A troubling situation involving a University of Oregon student whose mental health records were given to the school’s attorneys to defend the university against her rape lawsuit highlights the need for revision of federal privacy laws to protect the confidentiality of students’ mental health counseling records. Senator Wyden has written to the US Education Department about this issue, as has Rep. Bonamici and Dr. Norman Anderson, the CEO of the American Psychological Association.
To provide some context: in 2008, and in the wake of a national concern following a massacre at Virginia Tech, the Family Educational Rights and Privacy Act (FERPA) was amended. In November, 2008 the U.S. Education Department and U.S. Department of Health & Human Services (HHS) issued a joint guidance (pdf) that attempted to address the myriad questions about when FERPA applies and when HIPAA applies to student records:
The purpose of this guidance is to explain the relationship between the Family Educational Rights and Privacy Act (FERPA) and the Health Insurance Portability and Accountability Act of 1996 (HIPAA) Privacy Rule, and to address apparent confusion on the part of school administrators, health care professionals, and others as to how these two laws apply to records maintained on students. It also addresses certain disclosures that are allowed without consent or authorization under both laws, especially those related to health and safety emergency situations.
In my opinion, which I expressed at the time to anyone who might listen, the government seriously watered down mental health confidentiality protections when they declared most of these records “education records” or “treatment records” under FERPA instead of “protected health information” under HIPAA.
As a mental health professional who treats patients and who also serves as a consulting psychologist to schools, I’ve had plenty of experience with both HIPAA and FERPA. While HIPAA is far from perfect, it is much better than FERPA when we talk about sensitive information in mental health records because: (1) FERPA permits many more disclosures to a broad category known as “school officials,” (2) schools are not as invested in data security as HIPAA-covered entities, and (3) school personnel are not adequately trained in FERPA nor other federal and state laws protecting the confidentiality of student health information (such as the Individuals with Disabilities Education Act). Sadly, neither federal statute (FERPA or HIPAA) provides for a private cause of action for violations, but HHS has taken enforcement action against some entities for breaches whereas the U.S. Education Dept. and Family Policy Compliance Office (FPCO) have pretty much done nothing in the way of enforcement, as the FPCO’s response to EPIC’s FOIA request shows.
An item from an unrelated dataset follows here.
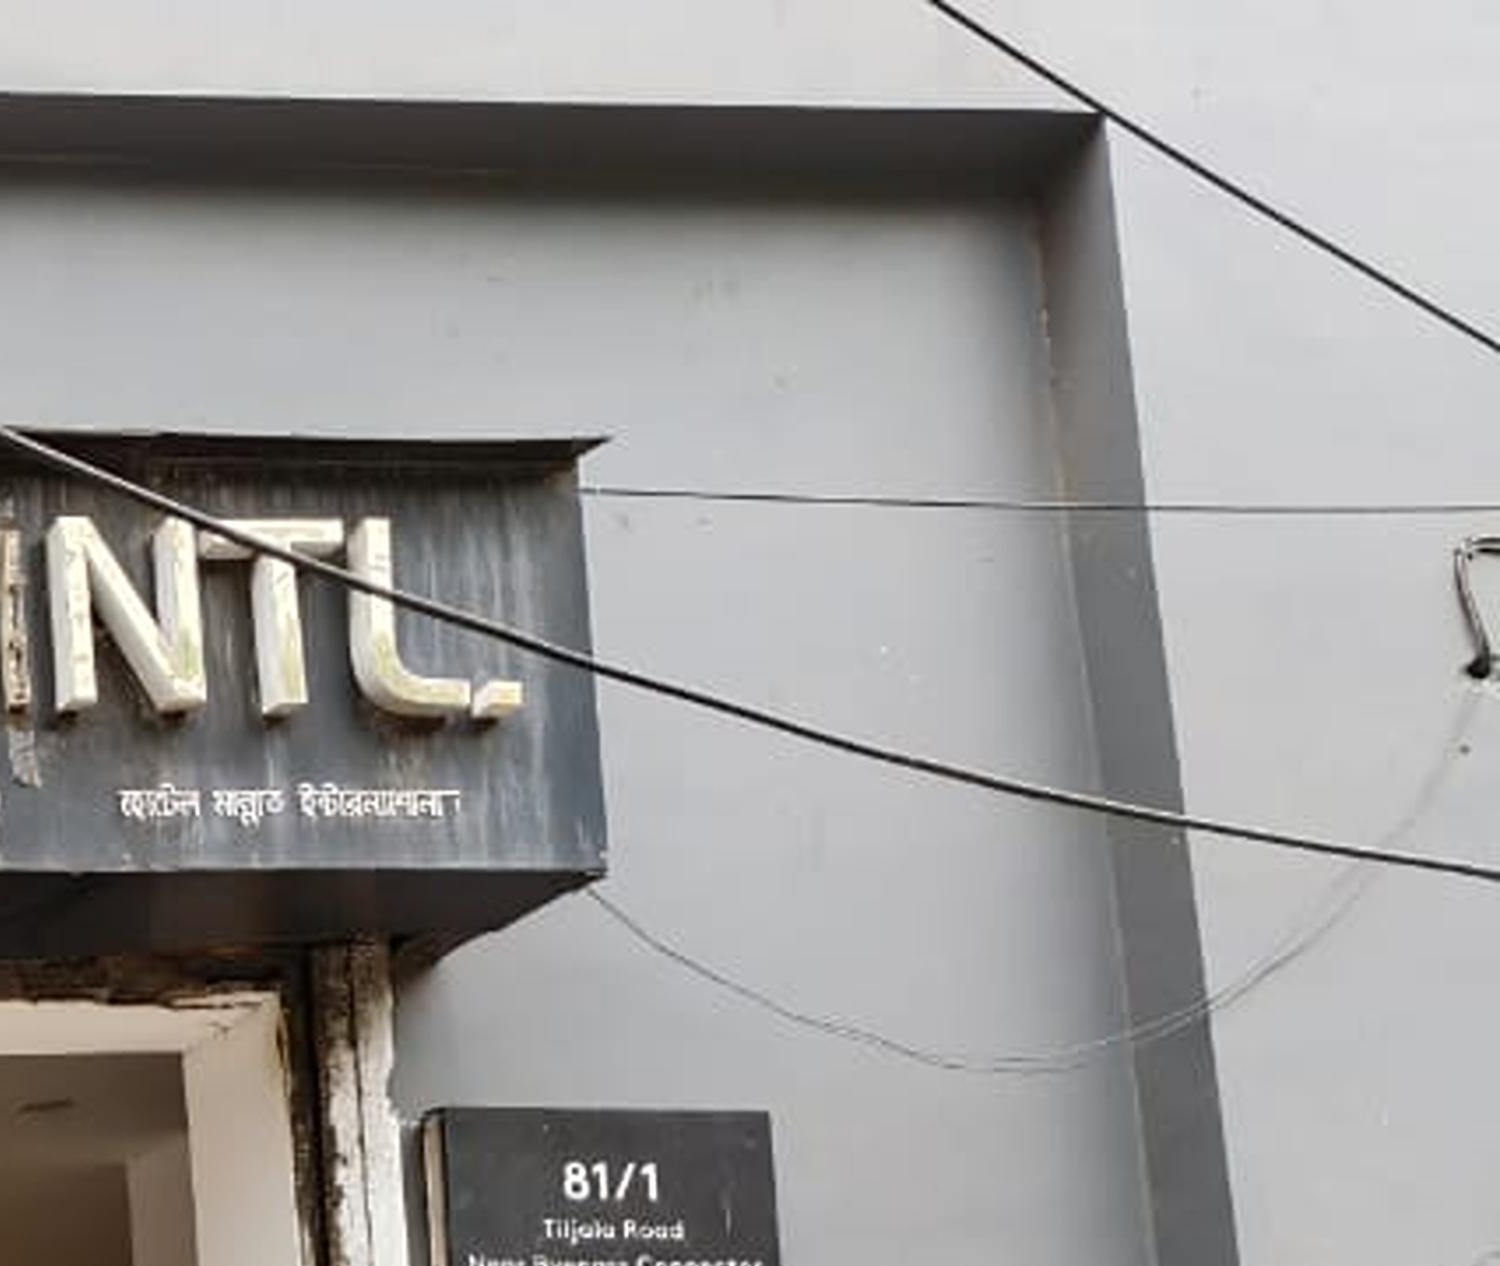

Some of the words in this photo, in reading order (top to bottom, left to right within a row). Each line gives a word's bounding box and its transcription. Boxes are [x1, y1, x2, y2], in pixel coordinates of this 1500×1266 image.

[562, 1160, 660, 1203] 81/1
[542, 1217, 617, 1246] Tiljala
[622, 1217, 686, 1241] Road
HHS and the US Education Department need to sit down at a table with patient privacy advocates, student privacy advocates, representatives of different mental health professions, school attorneys, and representatives of law enforcement to start discussing how to revise federal law to provide adequate privacy protections to those seeking mental health counseling in schools at both the k-12 and post-secondary level. I’d be happy to provide HHS and the US Education Dept. with suggestions as to specific people to invite to that table.
The sooner we address these concerns, the better, because as Richard Read of The Oregonian reports today – and as Dr. Deborah Peel and I have tried to warn people for years because we anticipated this happening – parents are beginning to caution their children about accessing mental health services on campus. Read reports:
As the reputation of the University Counseling & Testing Center hit new lows, some parents of UO students said they were telling their daughters and sons to avoid the clinic if they needed therapy or emergency help.
Requiring greater transparency about privacy policies and disclosures, as one Oregon legislator proposes, is important, but it is not sufficient. We need better protections that limit disclosures of students’ mental health counseling records. If we want to make counseling services a safe place for sexual assault victims, depressed students, or those dealing with substance abuse issues to seek help, we need to invest more in campus mental health services and we need to get privacy protections and exemptions right.
There is currently a bill in Congress to revise FERPA. It contains a provision on treatment records for students aged 18 or who are in a post-secondary institution, but it doesn’t go far enough, in my opinion, and it doesn’t address the bigger issue that we need more stringent protections for mental health records. We can write those protections into FERPA or we can put those records under HIPAA, but the former approach – amending FERPA or re-writing it from the ground up to include a separate section on counseling and treatment records – would probably be more likely to succeed.
Do nothing is not an option, even though Congress has generally been paralyzed by its own partisan stupidity. We need to create a safe environment for students to seek help, and to do that, we need stronger federal privacy and confidentiality protections. And we need it now – not after the next tragedy.